- [EXERCISE GOAL]:
Please set down each of the lines below once more, exactly, omitting all pictures.

- [INPUT]:
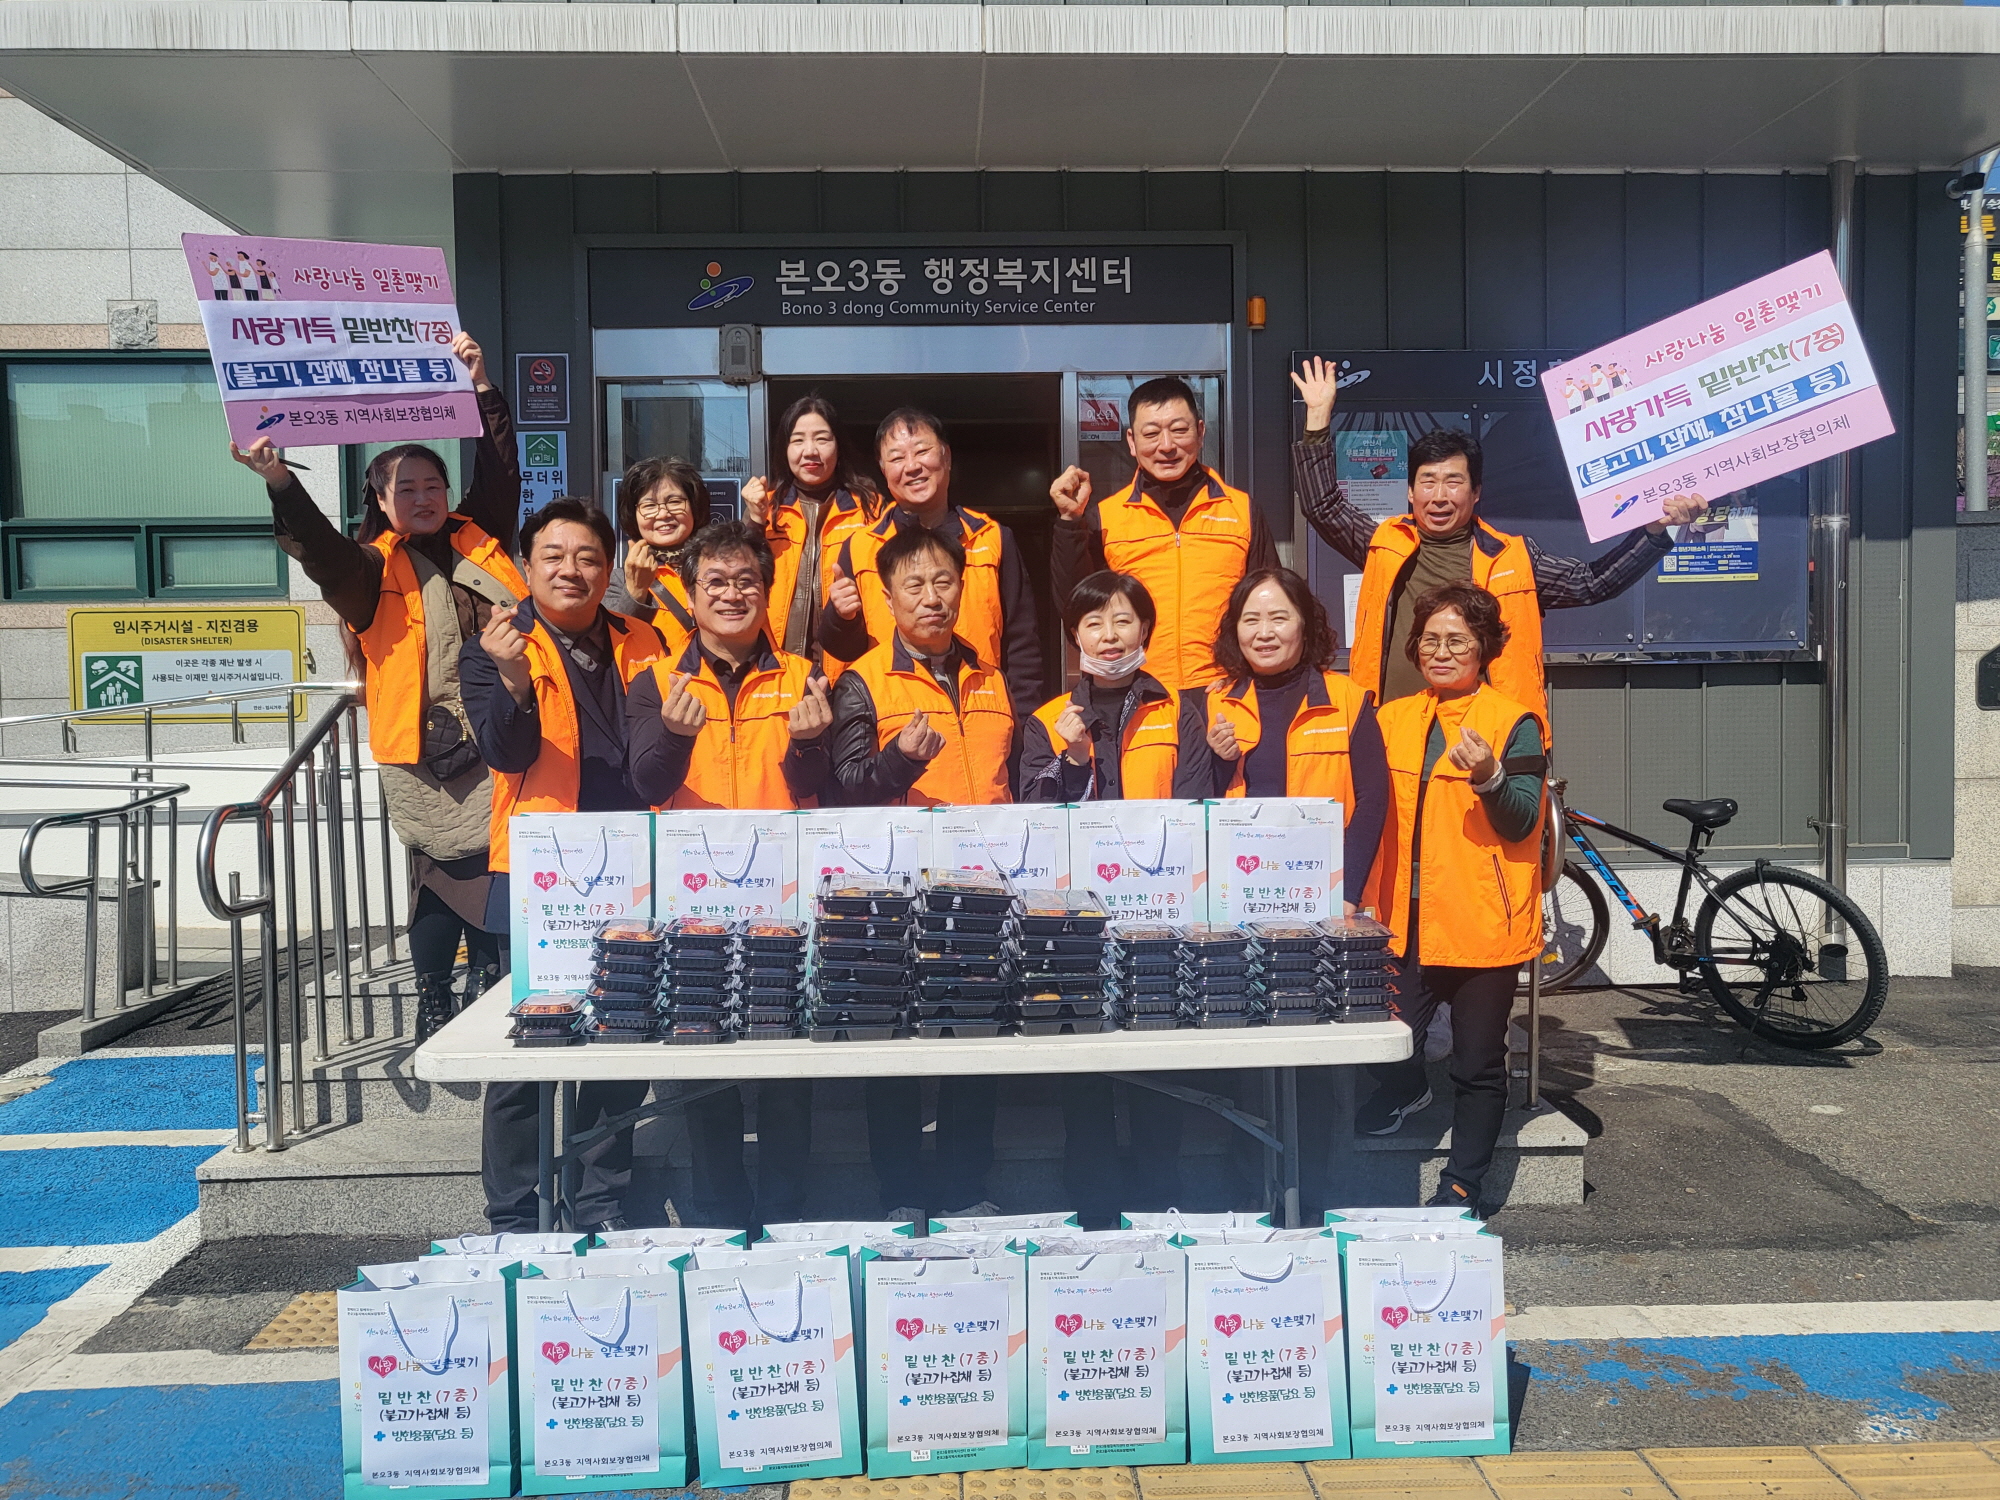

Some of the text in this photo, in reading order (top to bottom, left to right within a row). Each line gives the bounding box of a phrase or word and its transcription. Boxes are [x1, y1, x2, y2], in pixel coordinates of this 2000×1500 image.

[293, 268, 440, 294] 사랑나눔 일촌맺기
[775, 257, 1133, 295] 본오3동 행정복지센터
[782, 300, 1096, 318] Bono 3 dong Community Service Center
[232, 317, 453, 346] 사랑가득 밑반찬(7종)
[1644, 283, 1823, 369] 사랑나눔 일촌맺기
[225, 359, 455, 388] (불고기, 잡채, 참나물 등)
[1584, 322, 1846, 442] 사랑가득 밑반찬(7종)
[288, 408, 456, 428] 본오3동 지역사회보장협의체
[1579, 362, 1849, 488] (불고기, 잡채, 참나물 등)
[1642, 413, 1851, 503] 본오3동 지역사회보장협의체
[112, 620, 193, 634] 임시주거시설
[206, 619, 259, 633] 지진겸용
[141, 636, 233, 646] (DISASTER SHELTER)
[175, 658, 262, 667] 이곳은 각종 재난 발생 시
[152, 672, 283, 682] 사용되는 이재민 임시주거시설입니다.
[1055, 1427, 1157, 1438] 본오3동 지역사회보장협의체
[1222, 1428, 1324, 1443] 본오3동 지역사회보장협의체
[1384, 1420, 1485, 1433] 본오3동 지역사회보장협의체
[897, 1429, 1000, 1443] 본오3동 지역사회보장협의체
[728, 1441, 833, 1459] 본오3동 지역사회보장협의체
[544, 1454, 650, 1468] 본오3동 지역사회보장협의체
[404, 1466, 480, 1477] 지역사회보장협의체
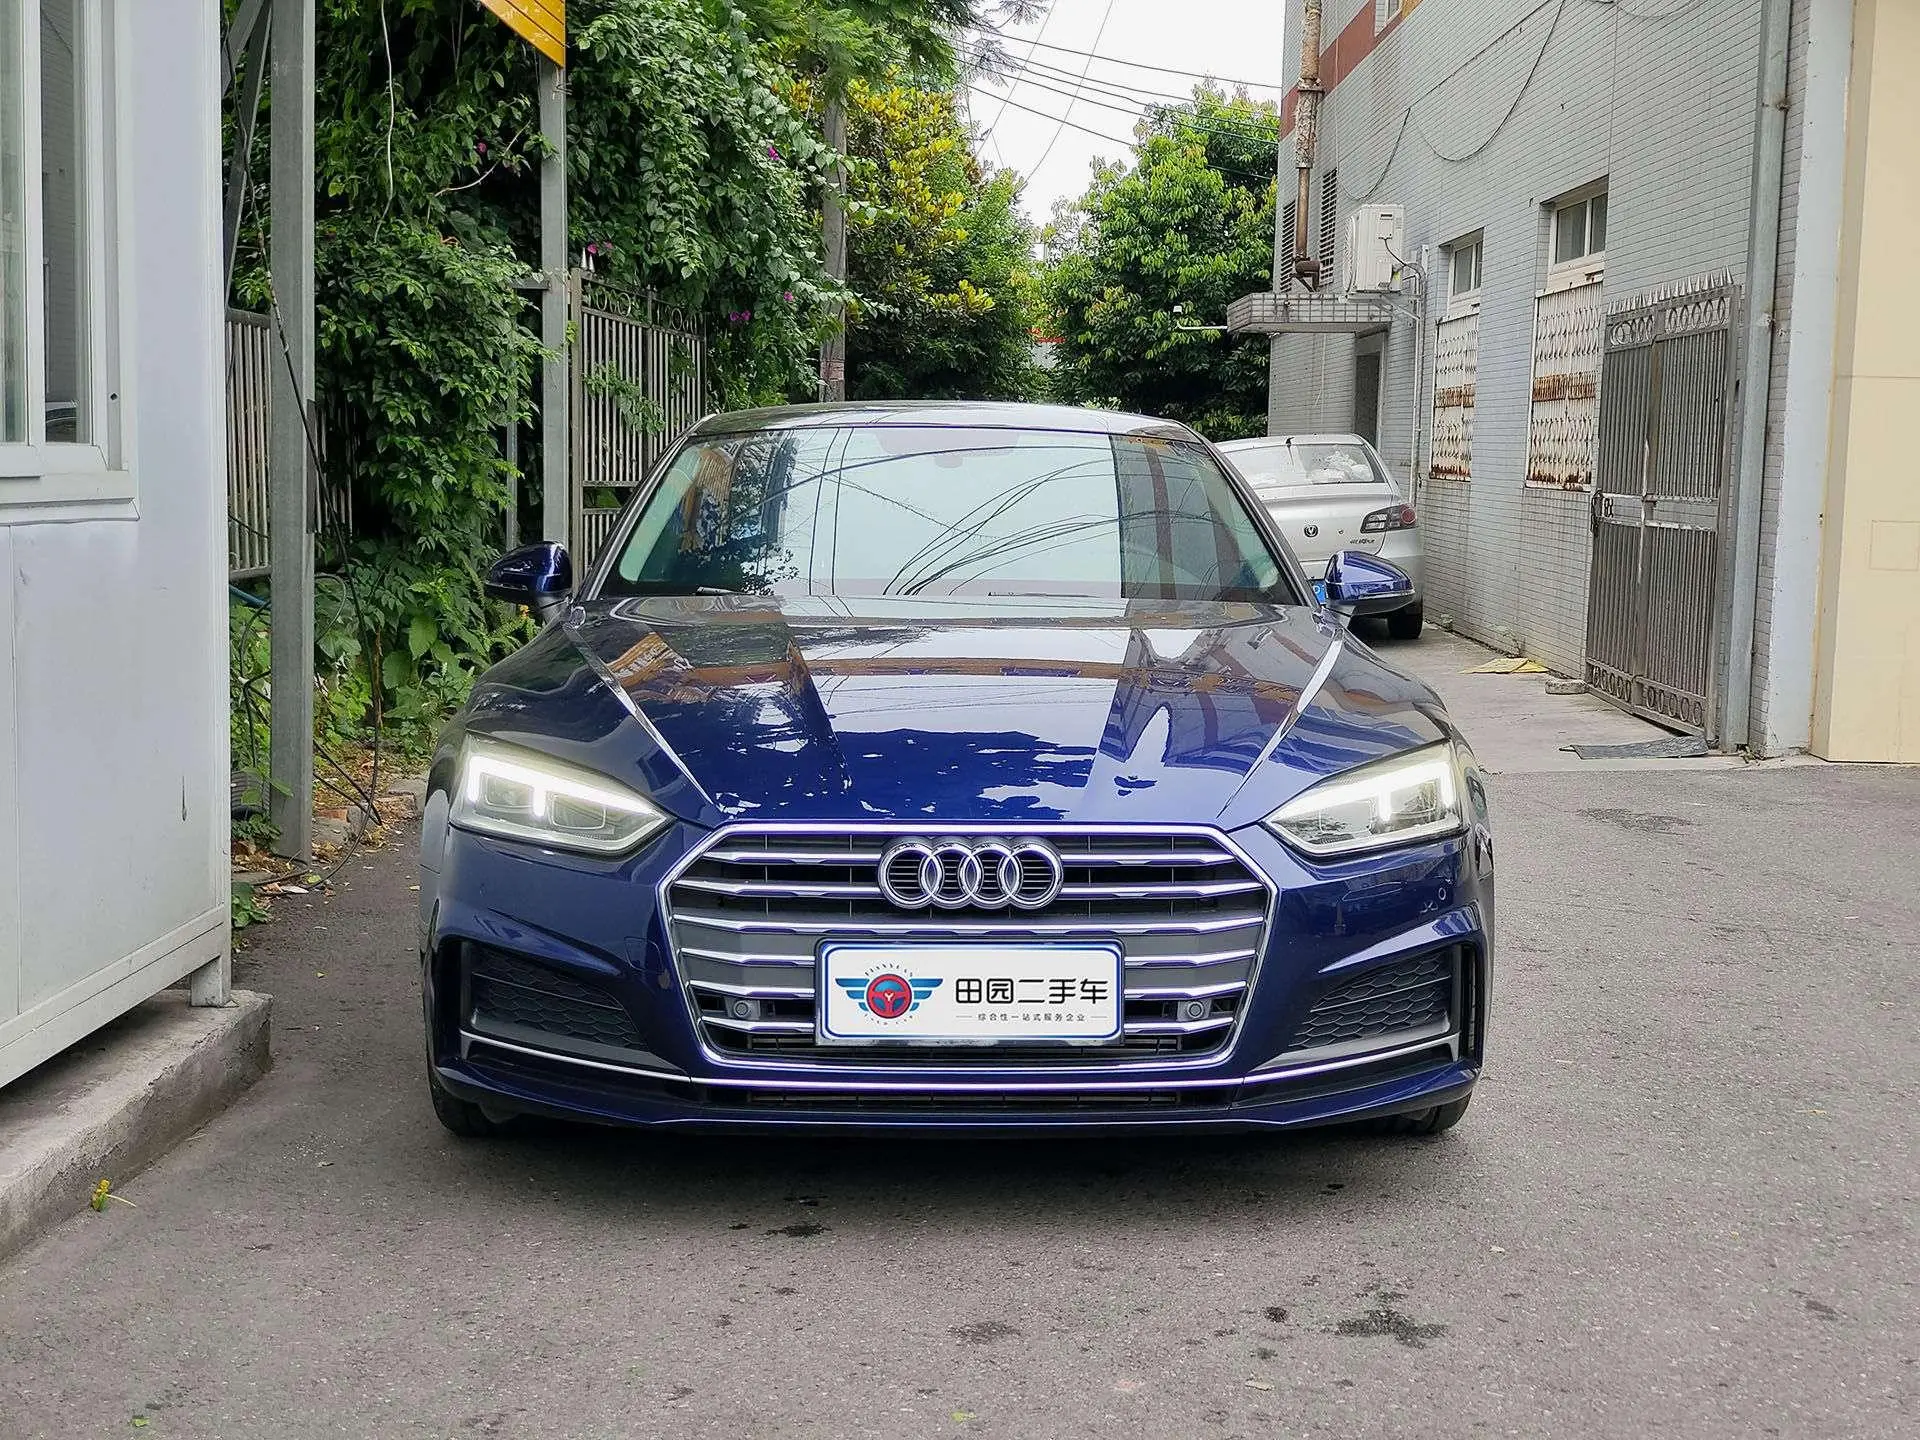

- [YOUR SOLUTION]:
Some of the text in this photo, in reading order (top to bottom, left to right within a row). Each line gives the bounding box of a phrase or word and its transcription. Boxes are [x1, y1, x2, y2], in pixel coordinates of this 2000×1500 image.

[293, 268, 440, 294] 사랑나눔 일촌맺기
[775, 257, 1133, 295] 본오3동 행정복지센터
[782, 300, 1096, 318] Bono 3 dong Community Service Center
[232, 317, 453, 346] 사랑가득 밑반찬(7종)
[1644, 283, 1823, 369] 사랑나눔 일촌맺기
[225, 359, 455, 388] (불고기, 잡채, 참나물 등)
[1584, 322, 1846, 442] 사랑가득 밑반찬(7종)
[288, 408, 456, 428] 본오3동 지역사회보장협의체
[1579, 362, 1849, 488] (불고기, 잡채, 참나물 등)
[1642, 413, 1851, 503] 본오3동 지역사회보장협의체
[112, 620, 193, 634] 임시주거시설
[206, 619, 259, 633] 지진겸용
[141, 636, 233, 646] (DISASTER SHELTER)
[175, 658, 262, 667] 이곳은 각종 재난 발생 시
[152, 672, 283, 682] 사용되는 이재민 임시주거시설입니다.
[1055, 1427, 1157, 1438] 본오3동 지역사회보장협의체
[1222, 1428, 1324, 1443] 본오3동 지역사회보장협의체
[1384, 1420, 1485, 1433] 본오3동 지역사회보장협의체
[897, 1429, 1000, 1443] 본오3동 지역사회보장협의체
[728, 1441, 833, 1459] 본오3동 지역사회보장협의체
[544, 1454, 650, 1468] 본오3동 지역사회보장협의체
[404, 1466, 480, 1477] 지역사회보장협의체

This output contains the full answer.